Example test data for the proteins in the nucleus.

Python code to run the DT algorithm

link to excel file used as an input: Exclusive_Location_ProteinsV1.xlsx

import pandas as pd
from sklearn.model_selection import train_test_split
from sklearn.preprocessing import LabelEncoder
from sklearn.feature_extraction.text import CountVectorizer
from sklearn.tree import DecisionTreeClassifier
from sklearn.metrics import accuracy_score, confusion_matrix

# Loading the filtered data
file_path = r"path_to_Exclusive_Location_ProteinsV1.xlsx"
data = pd.read_excel(file_path)

# Converting location labels to numerical codes
label_encoder = LabelEncoder()
data['Location_Code'] = label_encoder.fit_transform(data['Subcellular_Locations'])

# Splitting into 80% training and 20% testing, keeping class proportions equal
X = data['Amino_Acid_Sequence']
y = data['Location_Code']
X_train, X_test, y_train, y_test = train_test_split(X, y, test_size=0.2, random_state=42, stratify=y)

# Function to create k-mers from sequences (3-mers in this case)
def get_kmers(sequence, k=3):
    return [sequence[i:i+k] for i in range(len(sequence) - k + 1)]

# Converting sequences into 3-mers for train and test data
X_train_kmers = [' '.join(get_kmers(seq, k=3)) for seq in X_train]
X_test_kmers = [' '.join(get_kmers(seq, k=3)) for seq in X_test]

# Transforming 3-mers into numerical features with CountVectorizer
vectorizer = CountVectorizer()
X_train_features = vectorizer.fit_transform(X_train_kmers)
X_test_features = vectorizer.transform(X_test_kmers)
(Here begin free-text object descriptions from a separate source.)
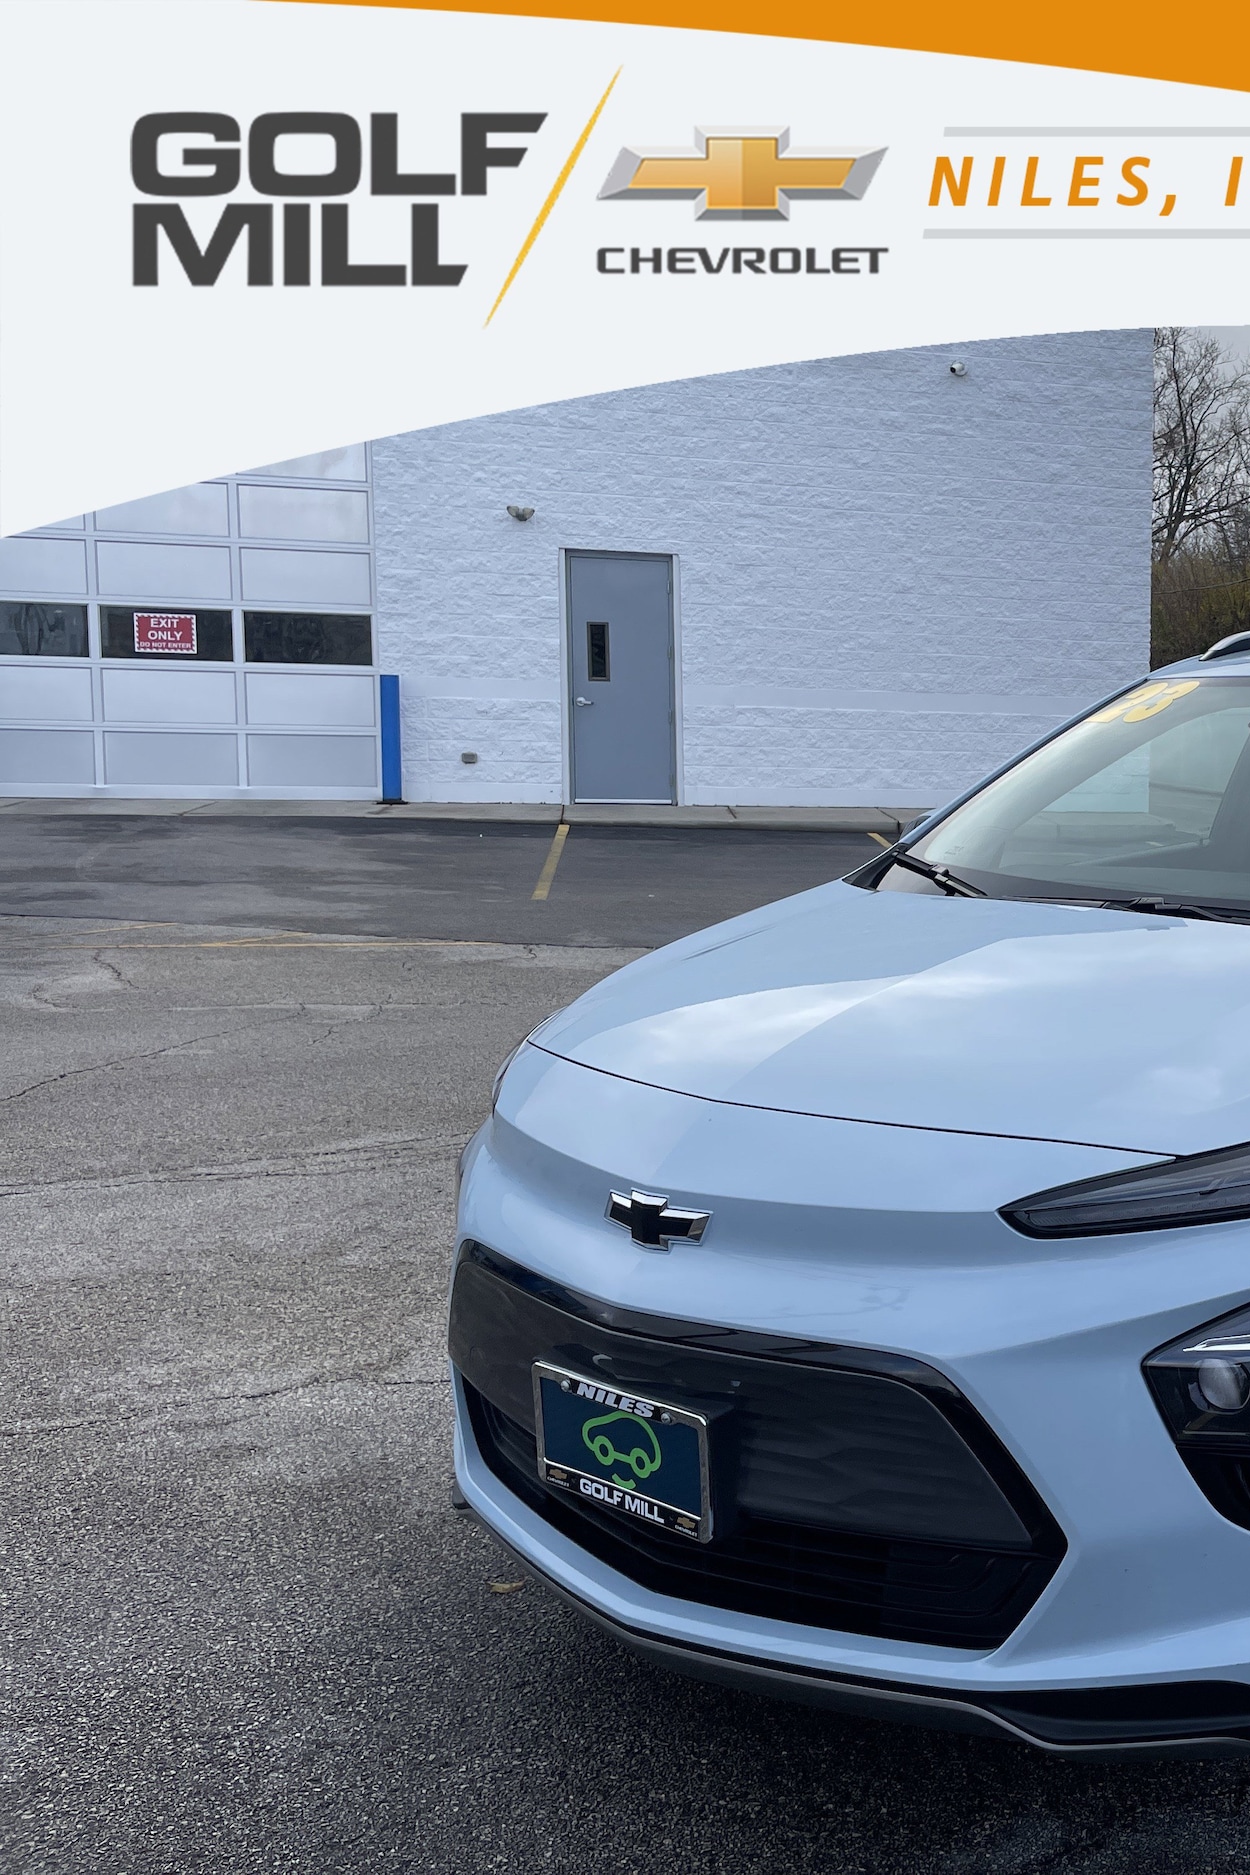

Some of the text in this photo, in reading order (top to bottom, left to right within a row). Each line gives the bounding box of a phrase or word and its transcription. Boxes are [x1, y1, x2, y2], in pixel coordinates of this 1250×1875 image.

[147, 630, 183, 641] ONLY
[151, 618, 179, 628] EXIT
[1084, 680, 1200, 723] 23
[576, 1382, 655, 1418] NILES
[579, 1478, 665, 1524] GOLF MILL
# Training the Decision Tree model
tree_model = DecisionTreeClassifier(random_state=42)
tree_model.fit(X_train_features, y_train)

# Making predictions on the test set
y_tree_pred = tree_model.predict(X_test_features)

# Evaluating the model
tree_accuracy = accuracy_score(y_test, y_tree_pred)
tree_conf_matrix = confusion_matrix(y_test, y_tree_pred)

# Printing accuracy and confusion matrix
print(f"Decision Tree Accuracy: {tree_accuracy:.2f}")
print("Decision Tree Confusion Matrix:")
print(tree_conf_matrix)

summary

The train-test split used an 80-20 ratio with stratification to keep class proportions balanced in both sets, ensuring each localization type was well represented. This disjoint split, with no overlap between training and testing data, prevents data leakage and allows for an accurate evaluation on unseen data.

DT results and conclusions

From the results above, we can see that the Decision Tree model achieved an accuracy of 58%, which indicates a moderate level of success in predicting protein localization. The confusion matrix shows that the model was particularly accurate in identifying Nucleus proteins, with 294 correct classifications, but had more difficulty with Cytoplasm and Secreted proteins, which were often misclassified. The misclassification might point to existence of some overlap in sequence patterns, making it challenging for the model to differentiate these categories. In a nut shell, the results highlight that while the model captures some localization signals, there is room for improvement, possibly by incorporating additional features or using more complex models.